Can queen elizabeth rose go outside or overwinter — and where?
- Plant it out within USDA 5-9 (outdoor; very hardy) and it overwinters with little or no help.
- It does not want to come indoors — a warm winter room actually weakens a hardy plant by denying it dormancy.
- The real risks in its range are waterlogging, wind-rock on young plants, and a late hard frost on new growth — not ordinary winter cold.
Work back from your local frost dates with the frost-date calculator: the last spring frost and first autumn frost are what really decide when queen elizabeth rose can be outside. US growers can check USDA zones; UK growers should use the RHS hardiness ratings, which match the H6 figure above.
Queen Elizabeth Rose hardiness — frequently asked questions
Is queen elizabeth rose cold hardy?
Yes — queen elizabeth rose is genuinely cold hardy. Rated RHS H6 and USDA 5-9 (outdoor; very hardy), it lives outdoors all year and needs winter cold rather than protection from it. An outdoor plant.
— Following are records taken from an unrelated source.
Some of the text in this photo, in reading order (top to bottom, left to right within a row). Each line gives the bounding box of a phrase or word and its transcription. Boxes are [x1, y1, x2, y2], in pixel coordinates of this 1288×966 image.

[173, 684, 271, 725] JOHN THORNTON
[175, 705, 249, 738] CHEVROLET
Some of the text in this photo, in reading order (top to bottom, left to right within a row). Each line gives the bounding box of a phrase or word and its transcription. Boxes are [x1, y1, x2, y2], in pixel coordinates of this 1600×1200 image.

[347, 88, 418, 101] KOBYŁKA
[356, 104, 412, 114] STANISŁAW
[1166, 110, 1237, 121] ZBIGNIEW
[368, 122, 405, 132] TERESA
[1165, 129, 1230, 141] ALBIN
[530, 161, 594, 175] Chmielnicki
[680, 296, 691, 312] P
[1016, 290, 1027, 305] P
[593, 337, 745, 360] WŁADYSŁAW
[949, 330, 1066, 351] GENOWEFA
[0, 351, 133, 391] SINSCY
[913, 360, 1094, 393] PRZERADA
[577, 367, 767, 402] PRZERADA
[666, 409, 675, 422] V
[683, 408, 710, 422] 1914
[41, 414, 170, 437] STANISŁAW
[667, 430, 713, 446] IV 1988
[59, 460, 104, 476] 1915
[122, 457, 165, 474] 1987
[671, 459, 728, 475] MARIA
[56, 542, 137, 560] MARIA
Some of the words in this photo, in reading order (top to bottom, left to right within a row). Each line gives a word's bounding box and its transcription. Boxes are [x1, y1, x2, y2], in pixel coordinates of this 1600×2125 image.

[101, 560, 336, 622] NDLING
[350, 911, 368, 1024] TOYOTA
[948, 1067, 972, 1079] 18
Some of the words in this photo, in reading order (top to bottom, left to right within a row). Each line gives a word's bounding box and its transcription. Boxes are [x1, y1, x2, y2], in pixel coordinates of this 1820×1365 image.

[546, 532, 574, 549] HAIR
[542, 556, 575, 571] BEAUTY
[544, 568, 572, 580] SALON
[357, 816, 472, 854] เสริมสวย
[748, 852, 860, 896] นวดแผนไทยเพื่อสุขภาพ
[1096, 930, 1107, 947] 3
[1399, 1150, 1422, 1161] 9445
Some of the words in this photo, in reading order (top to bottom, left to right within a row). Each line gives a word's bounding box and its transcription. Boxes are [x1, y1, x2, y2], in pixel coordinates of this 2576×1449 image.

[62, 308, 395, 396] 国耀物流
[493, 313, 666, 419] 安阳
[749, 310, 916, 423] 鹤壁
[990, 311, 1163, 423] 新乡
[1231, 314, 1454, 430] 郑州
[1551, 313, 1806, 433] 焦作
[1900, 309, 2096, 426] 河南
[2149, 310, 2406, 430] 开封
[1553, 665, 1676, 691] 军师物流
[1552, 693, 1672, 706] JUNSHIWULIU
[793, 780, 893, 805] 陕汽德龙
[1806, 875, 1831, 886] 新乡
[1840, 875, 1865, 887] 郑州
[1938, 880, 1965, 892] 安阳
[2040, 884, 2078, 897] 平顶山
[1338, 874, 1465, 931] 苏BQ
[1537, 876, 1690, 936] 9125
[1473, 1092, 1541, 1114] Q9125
Queen Elizabeth Rose is hardy across USDA 5-9 (outdoor; very hardy); it belongs in the ground or a frost-proof container, not on a windowsill, and many types actively need a cold winter to perform.
What is the minimum temperature queen elizabeth rose can survive?
Minimum survivable temperature is roughly about −20 to −15 °C. Queen Elizabeth Rose is built for winter — once established it takes hard frost and snow in its stride.
What hardiness zone is queen elizabeth rose?
Queen Elizabeth Rose is rated USDA 5-9 (outdoor; very hardy) and RHS H6 — Hardy throughout the UK and northern Europe.
Can queen elizabeth rose survive winter outside?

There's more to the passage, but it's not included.